[Records from a collection]
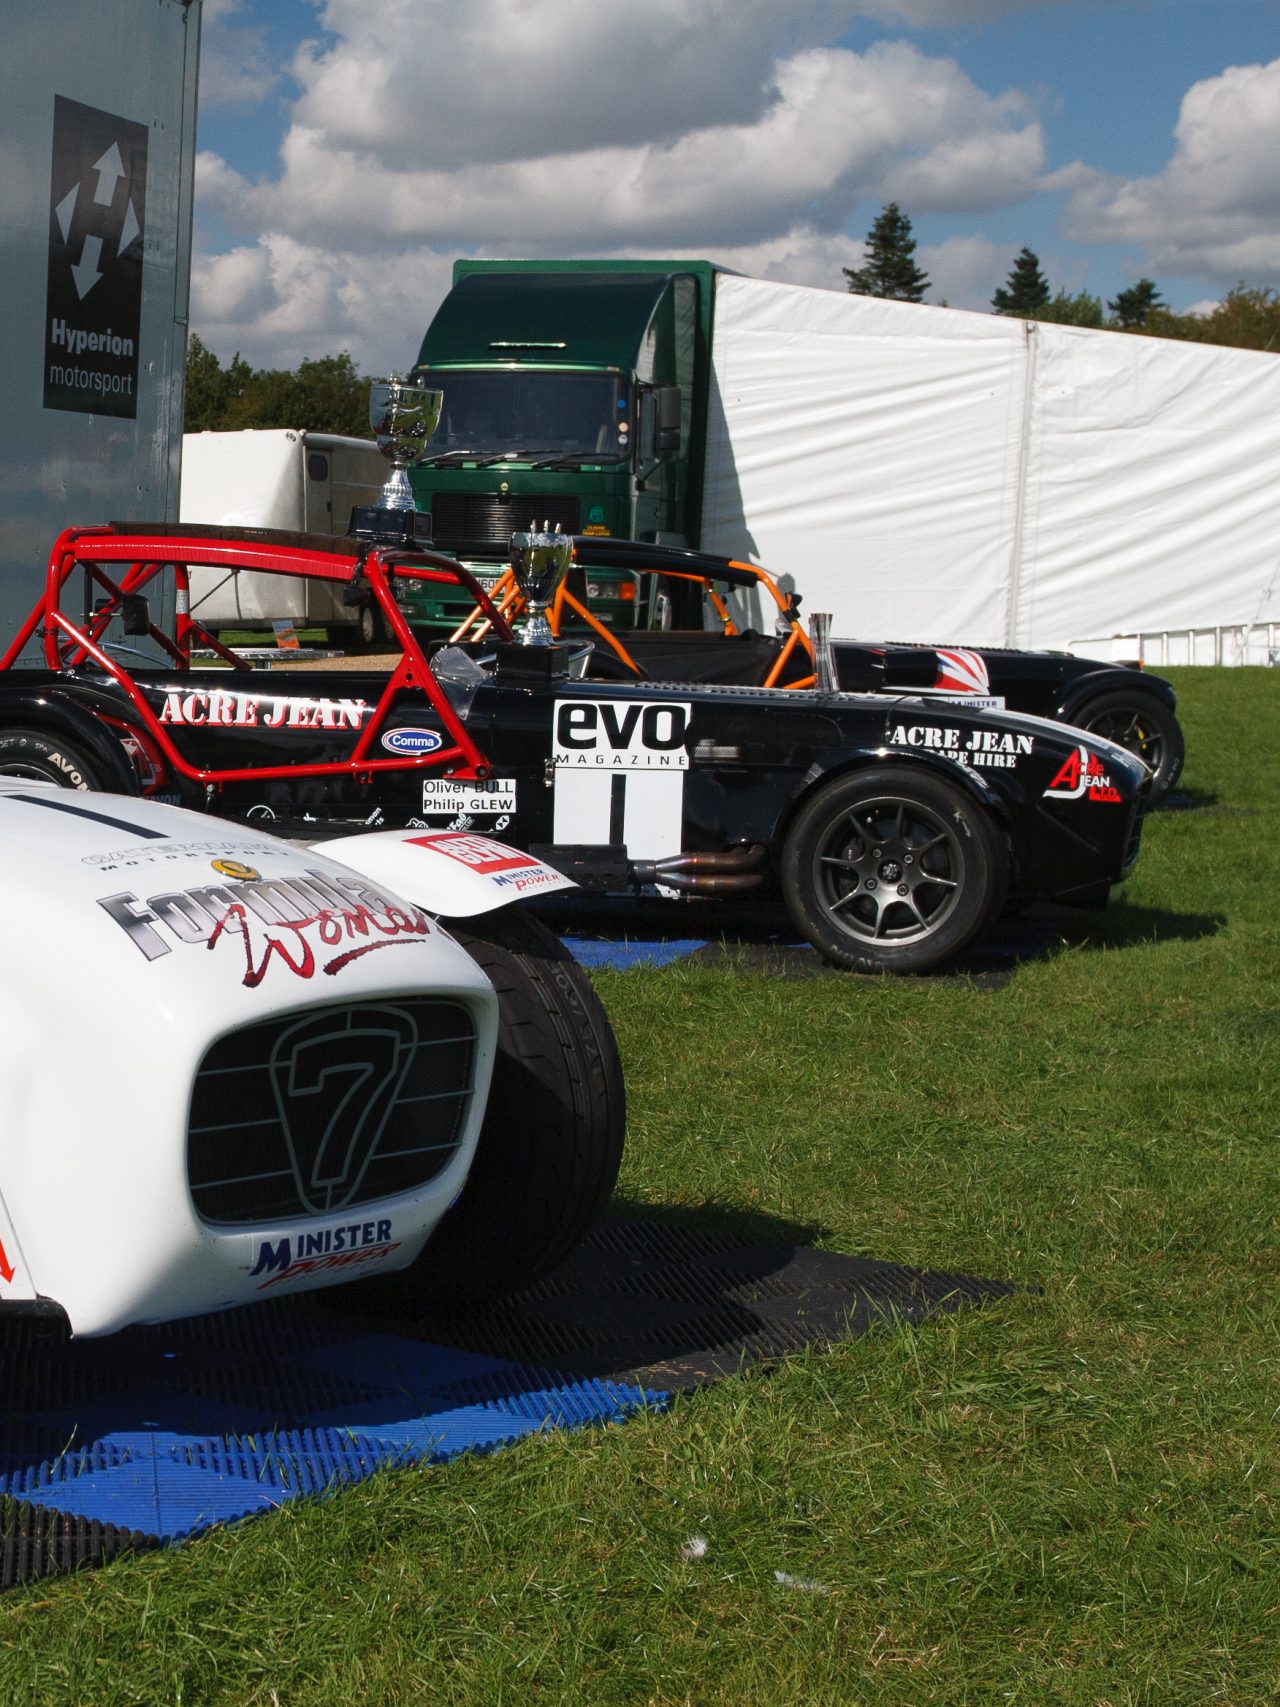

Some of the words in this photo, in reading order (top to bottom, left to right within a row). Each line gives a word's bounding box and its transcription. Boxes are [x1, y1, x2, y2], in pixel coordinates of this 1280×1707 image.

[52, 318, 134, 356] Hyperion
[50, 363, 132, 396] motorsport
[160, 694, 259, 726] ACRE
[263, 697, 366, 730] JEAN
[557, 703, 686, 751] evo
[392, 734, 435, 747] Comma
[890, 726, 960, 749] ACRE
[966, 731, 1034, 755] JEAN
[556, 755, 685, 766] MAGAZINE
[974, 754, 1016, 768] HIRE
[424, 781, 468, 793] Oliver
[475, 781, 514, 793] BULL
[424, 799, 465, 811] Philip
[470, 800, 513, 809] GLEW
[81, 842, 280, 864] CATERHAM
[100, 850, 290, 871] MOTORSPORT
[491, 869, 544, 886] MINISTER
[514, 874, 560, 891] POWER
[96, 869, 394, 961] Formula
[249, 1219, 392, 1276] MINISTER
[256, 1242, 402, 1290] POWER

Exercise aim. Your task is to set down every entry exactly, leaving out any picture it contains.

Response area.
Some of the words in this photo, in reading order (top to bottom, left to right within a row). Each line gives a word's bounding box and its transcription. Boxes are [x1, y1, x2, y2], in pixel coordinates of this 1280×1707 image.

[52, 318, 134, 356] Hyperion
[50, 363, 132, 396] motorsport
[160, 694, 259, 726] ACRE
[263, 697, 366, 730] JEAN
[557, 703, 686, 751] evo
[392, 734, 435, 747] Comma
[890, 726, 960, 749] ACRE
[966, 731, 1034, 755] JEAN
[556, 755, 685, 766] MAGAZINE
[974, 754, 1016, 768] HIRE
[424, 781, 468, 793] Oliver
[475, 781, 514, 793] BULL
[424, 799, 465, 811] Philip
[470, 800, 513, 809] GLEW
[81, 842, 280, 864] CATERHAM
[100, 850, 290, 871] MOTORSPORT
[491, 869, 544, 886] MINISTER
[514, 874, 560, 891] POWER
[96, 869, 394, 961] Formula
[249, 1219, 392, 1276] MINISTER
[256, 1242, 402, 1290] POWER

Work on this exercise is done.